Where an entry holds an image, leave the image out; otherwise reproduce the entry exactly.

Content starts

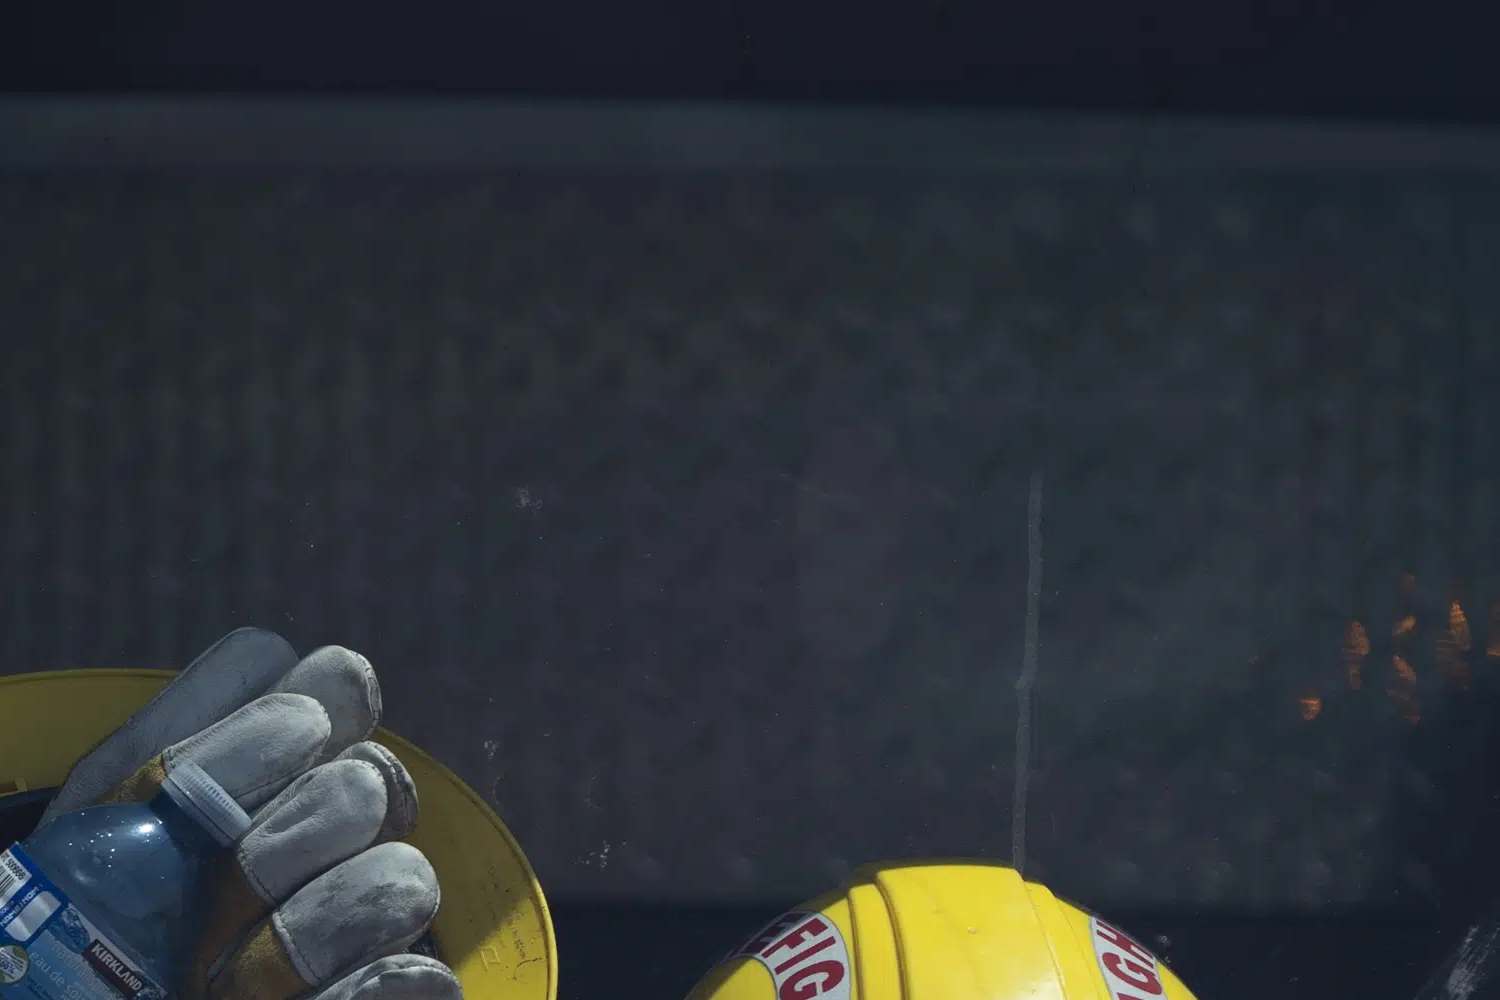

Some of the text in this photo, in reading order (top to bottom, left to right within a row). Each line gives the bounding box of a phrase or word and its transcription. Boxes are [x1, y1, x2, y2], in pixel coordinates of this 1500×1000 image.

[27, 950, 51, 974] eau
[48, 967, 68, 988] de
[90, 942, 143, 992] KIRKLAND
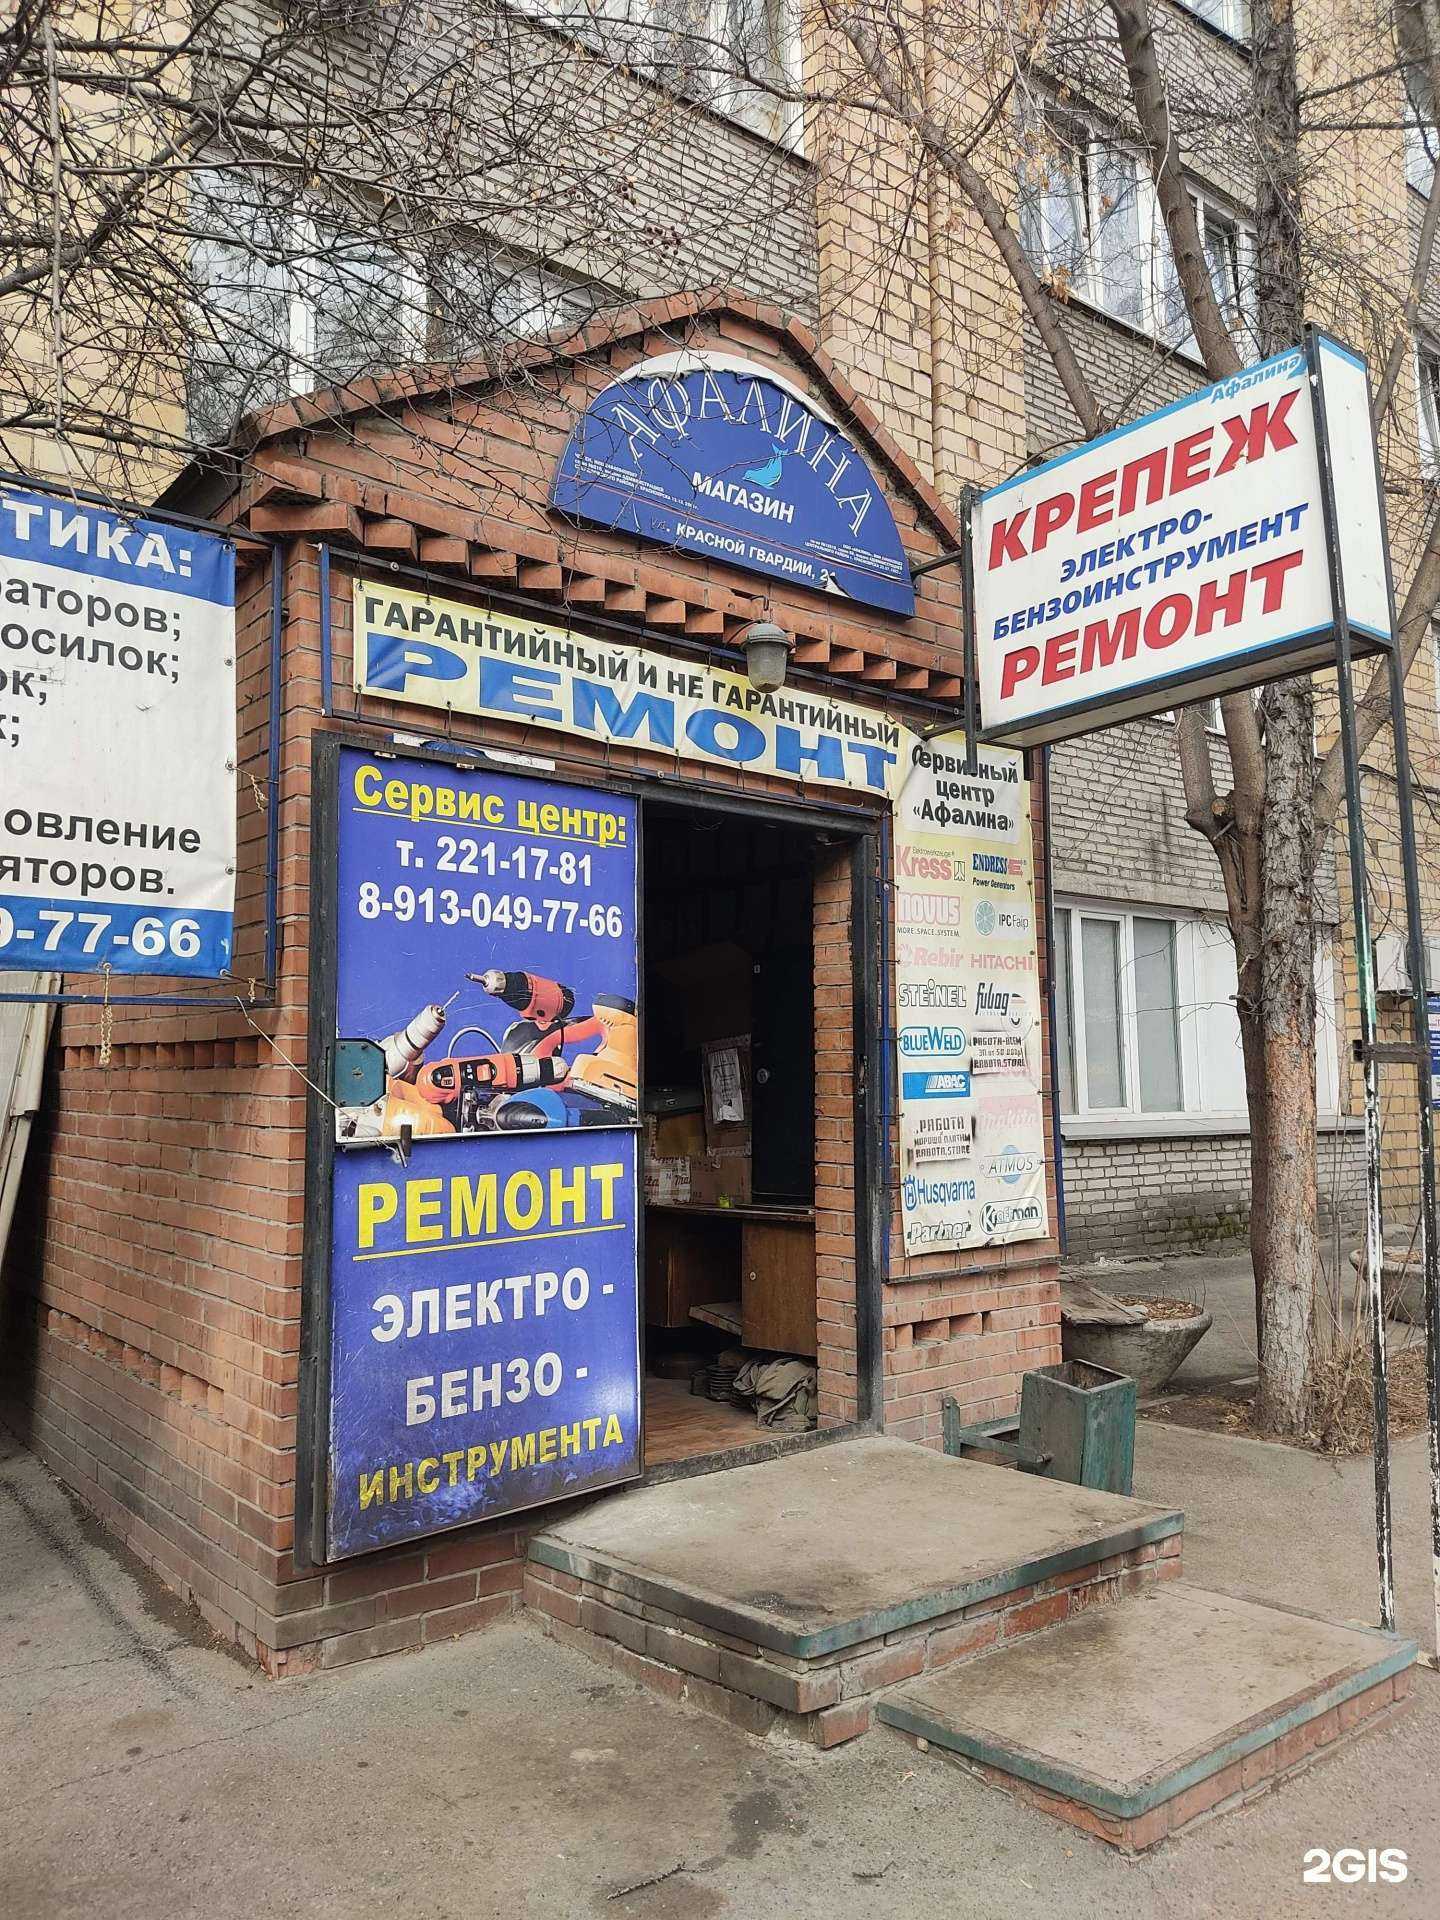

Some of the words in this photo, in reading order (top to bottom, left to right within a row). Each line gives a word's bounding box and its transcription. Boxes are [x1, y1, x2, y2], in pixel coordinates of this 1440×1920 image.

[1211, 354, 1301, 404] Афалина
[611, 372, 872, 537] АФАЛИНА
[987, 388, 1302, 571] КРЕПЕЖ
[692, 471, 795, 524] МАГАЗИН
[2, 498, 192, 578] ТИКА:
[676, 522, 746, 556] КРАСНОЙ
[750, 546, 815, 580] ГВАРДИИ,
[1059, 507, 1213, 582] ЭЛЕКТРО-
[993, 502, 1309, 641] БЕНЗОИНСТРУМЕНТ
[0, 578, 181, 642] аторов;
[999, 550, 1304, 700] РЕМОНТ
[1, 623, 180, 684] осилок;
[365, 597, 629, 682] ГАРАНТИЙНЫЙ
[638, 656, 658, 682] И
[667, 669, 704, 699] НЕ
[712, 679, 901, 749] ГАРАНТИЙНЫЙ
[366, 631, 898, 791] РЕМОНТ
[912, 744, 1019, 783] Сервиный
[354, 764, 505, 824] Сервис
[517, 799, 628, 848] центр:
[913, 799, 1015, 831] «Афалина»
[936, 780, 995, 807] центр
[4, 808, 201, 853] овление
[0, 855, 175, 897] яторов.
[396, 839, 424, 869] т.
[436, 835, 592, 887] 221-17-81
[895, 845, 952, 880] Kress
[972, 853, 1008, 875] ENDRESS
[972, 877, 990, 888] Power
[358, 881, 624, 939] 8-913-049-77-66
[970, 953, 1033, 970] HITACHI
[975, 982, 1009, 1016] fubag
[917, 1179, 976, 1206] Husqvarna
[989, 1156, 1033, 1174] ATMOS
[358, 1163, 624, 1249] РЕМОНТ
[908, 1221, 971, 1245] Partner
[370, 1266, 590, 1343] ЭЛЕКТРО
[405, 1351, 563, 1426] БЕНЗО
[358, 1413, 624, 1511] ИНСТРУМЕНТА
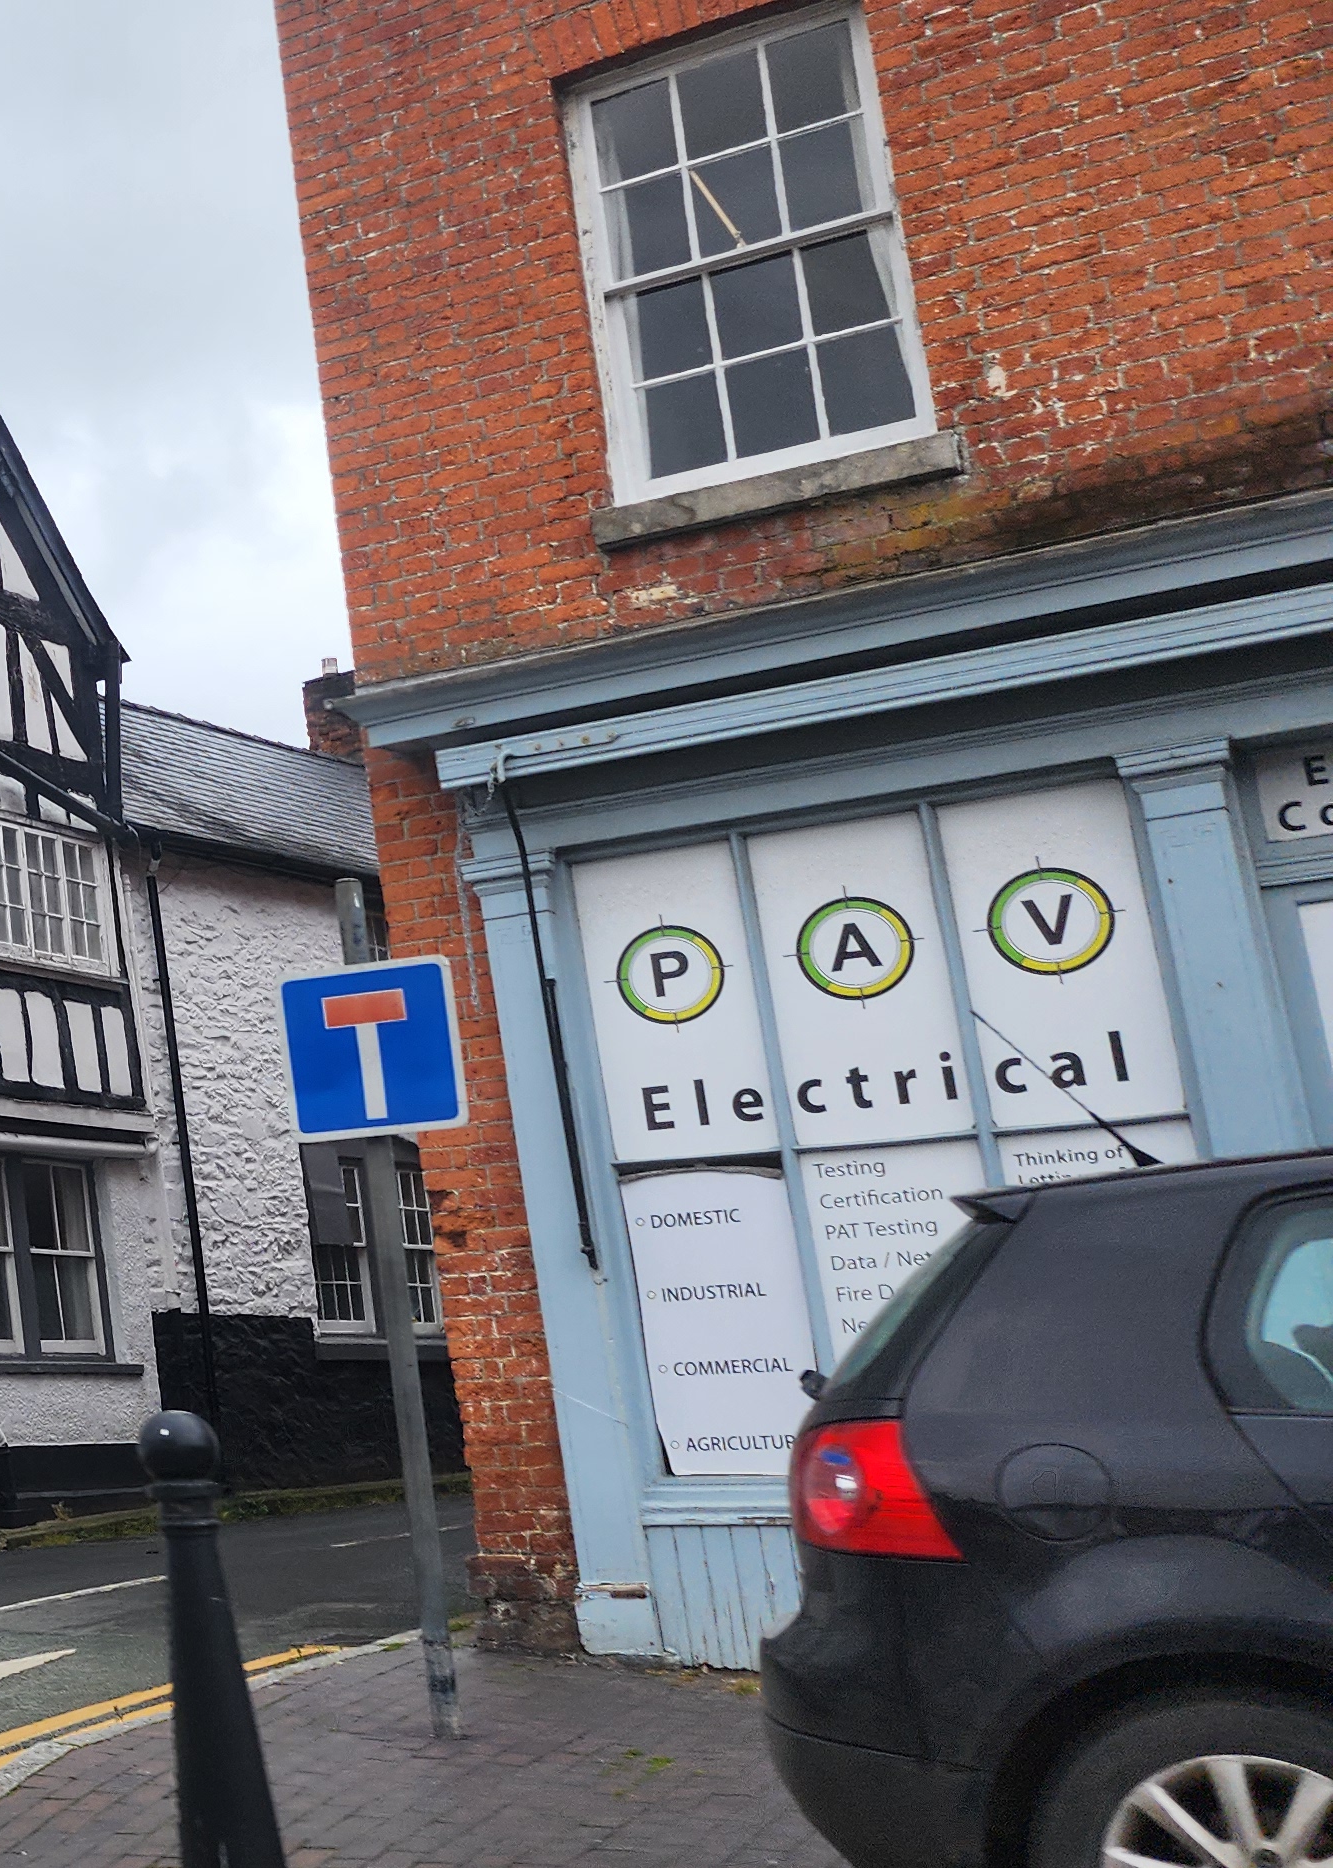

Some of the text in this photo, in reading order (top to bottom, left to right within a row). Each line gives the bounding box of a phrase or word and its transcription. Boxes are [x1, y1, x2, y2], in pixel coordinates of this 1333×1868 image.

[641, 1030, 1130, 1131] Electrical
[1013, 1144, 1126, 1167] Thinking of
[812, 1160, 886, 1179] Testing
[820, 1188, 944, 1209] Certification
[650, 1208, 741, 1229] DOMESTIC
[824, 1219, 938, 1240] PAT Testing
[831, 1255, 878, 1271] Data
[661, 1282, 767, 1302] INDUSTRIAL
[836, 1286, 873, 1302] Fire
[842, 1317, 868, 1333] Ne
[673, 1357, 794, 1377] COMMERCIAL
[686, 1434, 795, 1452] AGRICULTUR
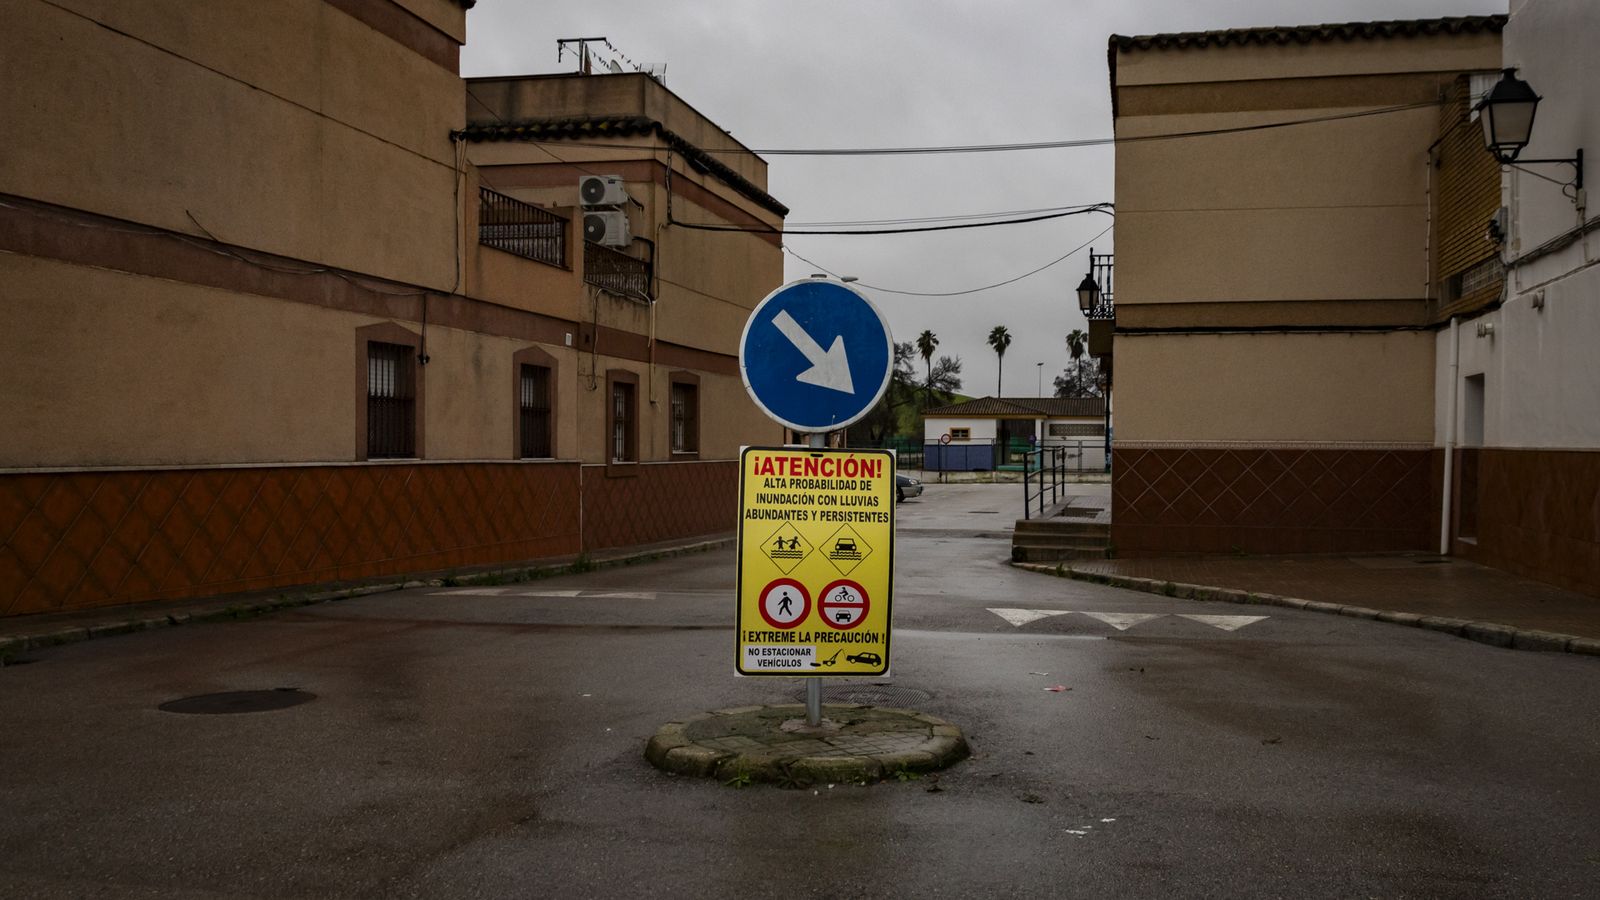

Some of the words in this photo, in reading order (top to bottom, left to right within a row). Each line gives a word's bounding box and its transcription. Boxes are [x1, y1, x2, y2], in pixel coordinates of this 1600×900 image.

Content ends

● Solution for this task
Some of the text in this photo, in reading order (top to bottom, left to right within a row). Each line gives the bounding box of a phrase or word and its transcription. Boxes are [x1, y1, x2, y2], in pixel coordinates of this 1500×1000 image.

[27, 950, 51, 974] eau
[48, 967, 68, 988] de
[90, 942, 143, 992] KIRKLAND

Some of the words in this photo, in reading order (top to bottom, left to right within a row). Each line gives a word's bounding box and its transcription. Boxes are [x1, y1, x2, y2], in pixel coordinates of this 1440×1920 image.

[1211, 354, 1301, 404] Афалина
[611, 372, 872, 537] АФАЛИНА
[987, 388, 1302, 571] КРЕПЕЖ
[692, 471, 795, 524] МАГАЗИН
[2, 498, 192, 578] ТИКА:
[676, 522, 746, 556] КРАСНОЙ
[750, 546, 815, 580] ГВАРДИИ,
[1059, 507, 1213, 582] ЭЛЕКТРО-
[993, 502, 1309, 641] БЕНЗОИНСТРУМЕНТ
[0, 578, 181, 642] аторов;
[999, 550, 1304, 700] РЕМОНТ
[1, 623, 180, 684] осилок;
[365, 597, 629, 682] ГАРАНТИЙНЫЙ
[638, 656, 658, 682] И
[667, 669, 704, 699] НЕ
[712, 679, 901, 749] ГАРАНТИЙНЫЙ
[366, 631, 898, 791] РЕМОНТ
[912, 744, 1019, 783] Сервиный
[354, 764, 505, 824] Сервис
[517, 799, 628, 848] центр:
[913, 799, 1015, 831] «Афалина»
[936, 780, 995, 807] центр
[4, 808, 201, 853] овление
[0, 855, 175, 897] яторов.
[396, 839, 424, 869] т.
[436, 835, 592, 887] 221-17-81
[895, 845, 952, 880] Kress
[972, 853, 1008, 875] ENDRESS
[972, 877, 990, 888] Power
[358, 881, 624, 939] 8-913-049-77-66
[970, 953, 1033, 970] HITACHI
[975, 982, 1009, 1016] fubag
[917, 1179, 976, 1206] Husqvarna
[989, 1156, 1033, 1174] ATMOS
[358, 1163, 624, 1249] РЕМОНТ
[908, 1221, 971, 1245] Partner
[370, 1266, 590, 1343] ЭЛЕКТРО
[405, 1351, 563, 1426] БЕНЗО
[358, 1413, 624, 1511] ИНСТРУМЕНТА

Some of the text in this photo, in reading order (top to bottom, left to right within a row). Each line gives the bounding box of a phrase or word and its transcription. Boxes are [x1, y1, x2, y2], in pixel coordinates of this 1333×1868 image.

[641, 1030, 1130, 1131] Electrical
[1013, 1144, 1126, 1167] Thinking of
[812, 1160, 886, 1179] Testing
[820, 1188, 944, 1209] Certification
[650, 1208, 741, 1229] DOMESTIC
[824, 1219, 938, 1240] PAT Testing
[831, 1255, 878, 1271] Data
[661, 1282, 767, 1302] INDUSTRIAL
[836, 1286, 873, 1302] Fire
[842, 1317, 868, 1333] Ne
[673, 1357, 794, 1377] COMMERCIAL
[686, 1434, 795, 1452] AGRICULTUR

Some of the words in this photo, in reading order (top to bottom, left to right within a row). Each line gives a word's bounding box and its transcription. Boxes are [x1, y1, x2, y2], in pixel coordinates of this 1600×900 image.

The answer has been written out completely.